When Borrowing Is A Good Thing (Part 2)
I posted recently my analysis of the pay cash vs. borrow for buying the Jaguar, and received a couple of interesting responses from readers. One reader thought it made more sense to spend $5000 to $8000 (cash) to buy a used Subaru, rather than a Jaguar. The problem is that a $5000 to $8000 used Subaru around here means at least 80,000 miles or more--enough that the Subaru is well out of warranty, and realistically, you can expect at least a few substantial repairs on a car that age. The Jaguar is still under factory warranty, and will be for a couple of years. That alone is a strong case for the Jaguar.
The more substantial criticism of my analysis is that I was ignoring the income stream that I would enjoy from paying cash for the car, and putting those car payments that I am making into savings every month.
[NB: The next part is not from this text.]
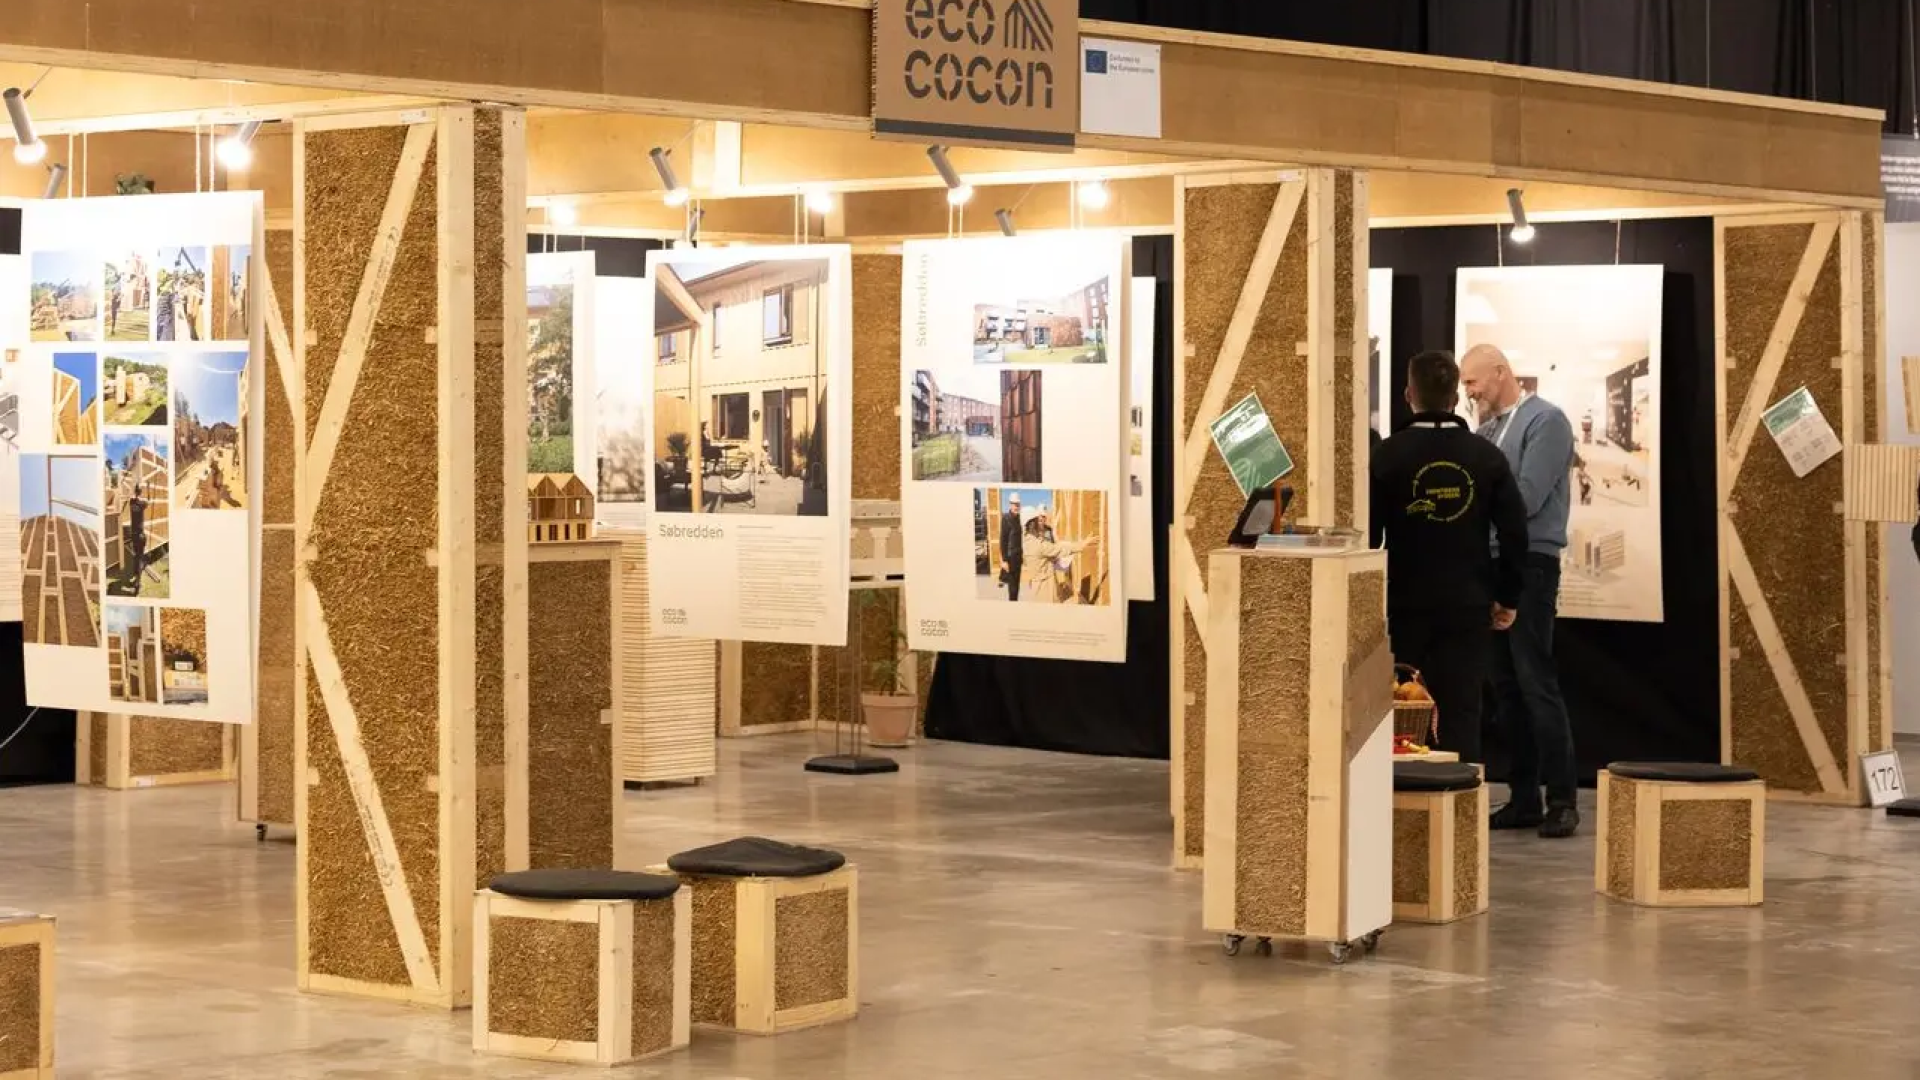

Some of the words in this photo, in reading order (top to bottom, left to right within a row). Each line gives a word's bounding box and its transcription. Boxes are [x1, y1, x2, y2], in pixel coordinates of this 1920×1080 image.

[905, 0, 995, 45] eco
[904, 49, 1054, 109] cocon
[659, 524, 724, 538] Søbredden
[1871, 766, 1900, 792] 172
I had completely overlooked that. It does change the equation a bit, but not quite as dramatically as you might assume.
What doesn't change: there is still a net $2738.94 interest income from the 4.30% APY CD (after paying federal and state income tax on the interest at a marginal rate of 33%). The total interest paid over 60 months on the car loan is $2458.23. But what interest would the $335.97 per month payment accrue over those 60 months?
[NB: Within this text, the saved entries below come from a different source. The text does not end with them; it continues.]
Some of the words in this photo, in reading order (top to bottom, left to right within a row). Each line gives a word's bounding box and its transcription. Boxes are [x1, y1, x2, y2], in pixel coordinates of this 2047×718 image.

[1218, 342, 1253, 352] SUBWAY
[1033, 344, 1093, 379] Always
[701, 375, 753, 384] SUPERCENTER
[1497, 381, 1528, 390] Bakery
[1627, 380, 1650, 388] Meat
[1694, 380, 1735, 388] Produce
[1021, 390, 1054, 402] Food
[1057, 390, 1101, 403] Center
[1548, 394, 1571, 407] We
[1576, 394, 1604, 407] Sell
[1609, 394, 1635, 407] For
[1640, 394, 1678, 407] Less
Remember that the 4.30% APY CD was because I locked that interest in during November--and I would not get that interest rate today--and the way things are going, not likely again for another year or more. Also, that rate required me to lock it in for five years. While some of the early car payments could be locked in for five years, and get a roughly similar situation, the vast majority of those payments would be in the second, third, fourth, and fifth years. Unless I was locking up that money for five years (which is not a comparable situation), I would never get 4.30% APY--not even close. Furthermore, my credit union has a minimum $500 balance to get CD rates that high, so at least every other month I would just have the money sitting in a demand deposit account, at a much lower rate.
If I managed to earn 3% a year on the money that would otherwise be going to car payments (which seems extremely unlikely, with current interest rates), I would only have a net interest income of $1029.11 over five years--and I would be forgoing the $2738.94 net interest income that the $17,700 would have earned in the CD.
So, if I keep the money in a CD, and make payments: $2738.94 CD income - $2458.23 car loan interest = $280.71 net income. If I had paid cash, and broken a couple of CDs: $1029.11 net interest income (and that is making the optimistic assumption of 3% yield) - $2738.94 lost CD income, for a net loss of $1709.83. Even with a completely unrealistic 6% yield as I put those "car payments" into savings, this still comes to a net loss of $611.38 over five years.
So, what about the supposed rule that you should never make payments, if you can afford to pay cash? If there is a big difference in interest rates between CDs and loans, this might be true. Under some economic conditions, this might be true. If you don't have a spectacular credit score (my FICO number is 819), you may get stuck with such a high interest rate that you would be better off paying cash. But my guess is that many people that can afford to pay cash for a car probably also have a pretty decent credit score. (Okay, drug dealers might be the exception.)
I am adding the spreadsheet for modeling this here. This should apply to any loan where the interest is not tax deductible. Houses and student loans require different treatment--I may work on that as I feel more energetic.
I have updated my discussion of How To Become Wealthy with this at the very end.
UPDATE: One reader noticed a slight formula error; I made appropriate adjustments.